Tag Archives: Photoelastic Effect

Portraits of Christians – David Brewster

david-brewsterYou’ve probably never heard of David Brewster, but you’re likely familiar with his most famous invention: the kaleidoscope. Sadly, I no longer have my childhood kaleidoscope to share a picture of here, but the video segment on how high-quality kaleidoscopes are made, at the end of this post, is probably more interesting than a picture of the cheesy toy I grew up with anyway. However, despite the phenomenal success of his invention as a toy, this Portraits series deals with scientists, not toymakers. Called “The father of modern experimental optics”, and a Fellow of the Royal Society, Brewster certainly qualifies. And yet… he was also a Christian! If you’ve always heard that science and Christianity are mortal enemies, then keep reading. And maybe check out the other scientists in this growing “Portraits” series.

Sir David Brewster was born in Scotland in 1781 and lived until 1868. His parents recognized him as a prodigious learner after he built a telescope at the age of 10, and they enrolled him in the University of Edinburgh at the age of 12 to study for the ministry. But although he did preach after graduating and being ordained as a minister in the Established Church of Scotland, his severe nervousness before crowds led to him pursuing his true calling: in the lab.[1] Brewster contributed much to our knowledge of the polarization of light. In fact, lasers and polarized light microscopes both take advantage of the Brewster angle, the critical angle at which light reflecting off a transparent medium is 100% polarized (it’s 90° to the refracted ray if anyone reading is remotely interested). He also invented the lenticular stereoscope and a binocular camera. He was a contributor to the Encyclopedia Britannica on many scientific articles, as well as editor of the 18-volume Edinburgh Encyclopedia. Brewster worked hard to popularize science and in 1831 helped found the British Association for the Advancement of Science to help promote scientific networking and growth in Great Britain.[2] Another way I was familiar with his work prior to research for this post (besides my toy kaleidoscope) was my exposure in college to something he discovered: the photoelastic effect. This is a pretty neat phenomenon where the stress in certain materials changes the way light refracts through them, resulting in different colors in areas of different shear stresses. This was used in my engineering classes in college to clearly demonstrate the effects of stress concentrations, and in fact, was just used at a seminar I attended recently for that same purpose.  He also invented the polyzonal lens for lighthouses in 1811 (commonly called a Fresnel lens after the French engineer/physicist who first outfitted a lighthouse with a similar design in 1822).

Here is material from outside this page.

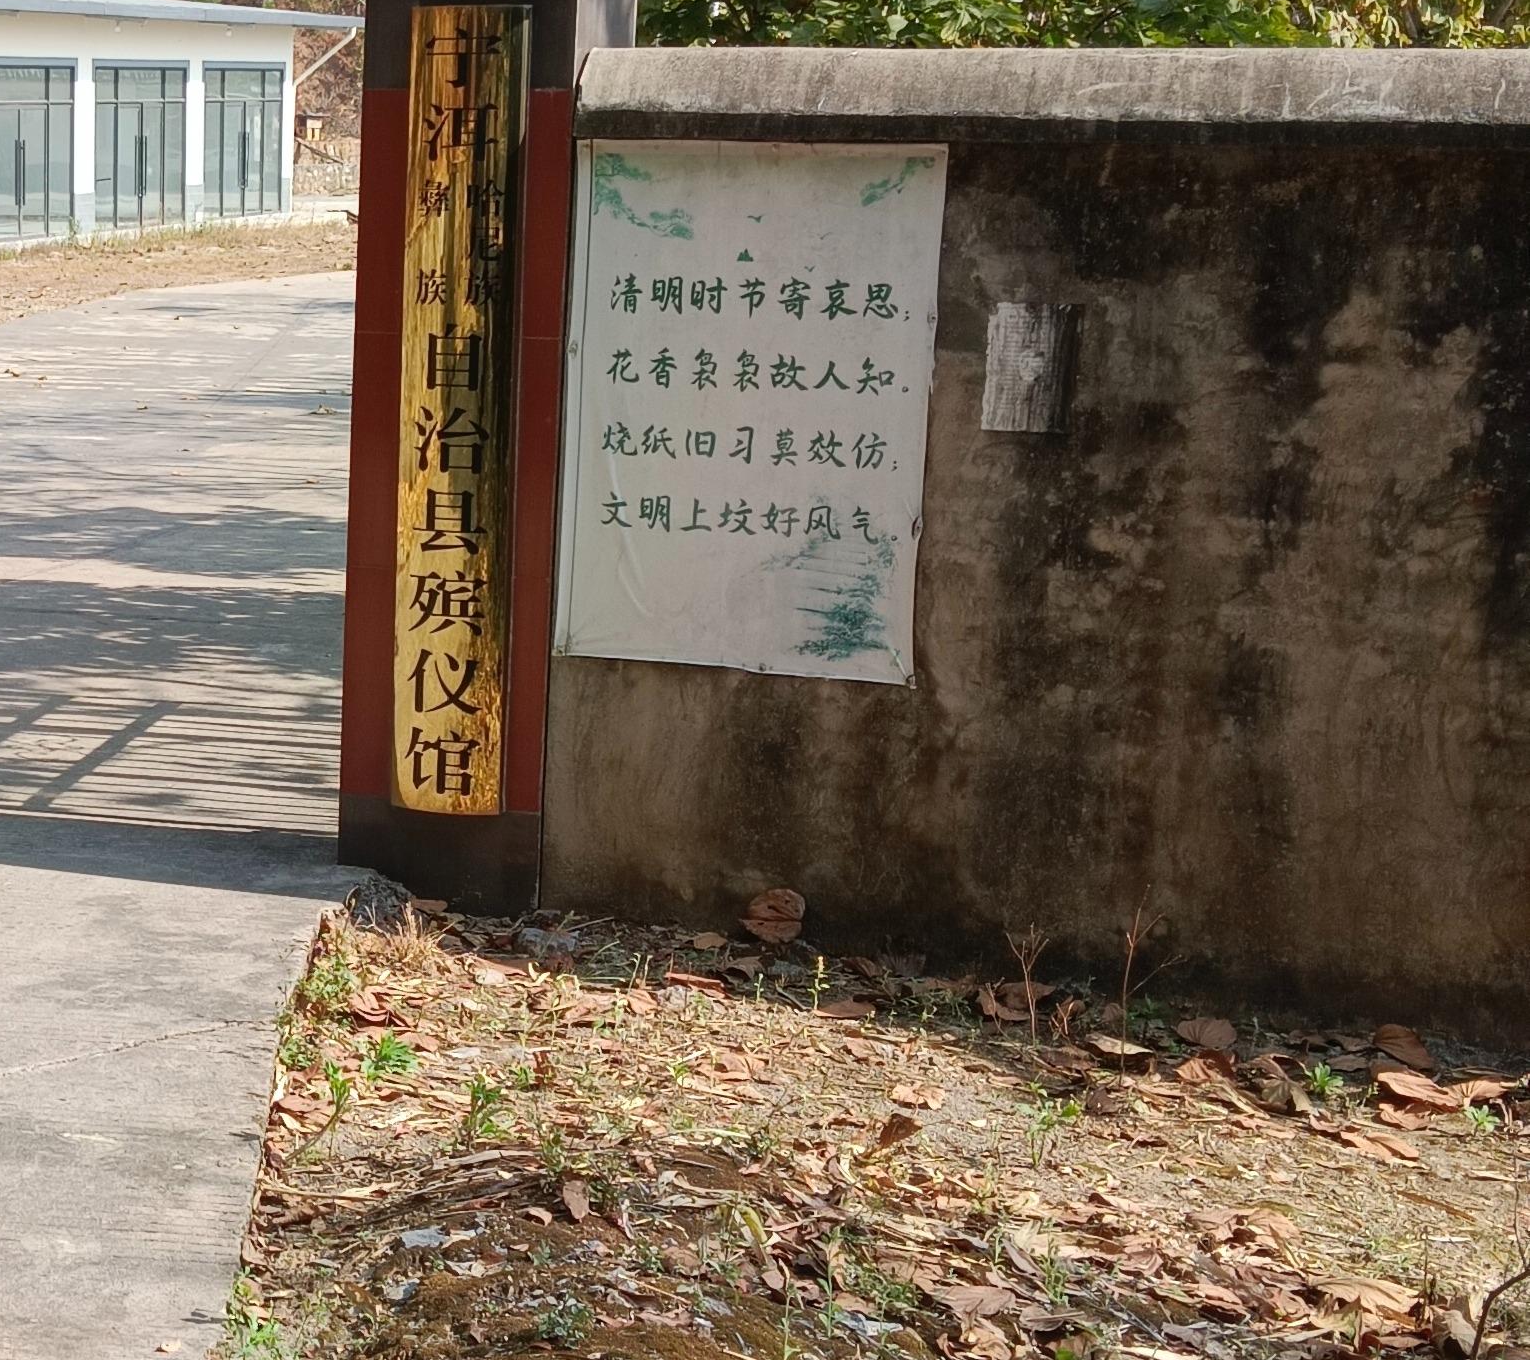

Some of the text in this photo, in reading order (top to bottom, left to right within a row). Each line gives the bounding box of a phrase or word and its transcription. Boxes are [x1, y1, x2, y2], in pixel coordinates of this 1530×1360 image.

So Brewster was a scientist, but was he really a Christian? Brewster wrote the following to a friend in 1828:

Your education and the example you have had to copy will, I am sure, guard you against those presumptuous and sceptical opinions which scientific knowledge too often engenders. In the
ardour of pursuit and under the intoxication of success scientific men are apt to forget that they are the instru­ment by which Providence is gradually revealing the wonders of creation, and that they ought to exercise their functions with the same humility as those who are engaged in unfolding the mysteries of His revealed will.[3]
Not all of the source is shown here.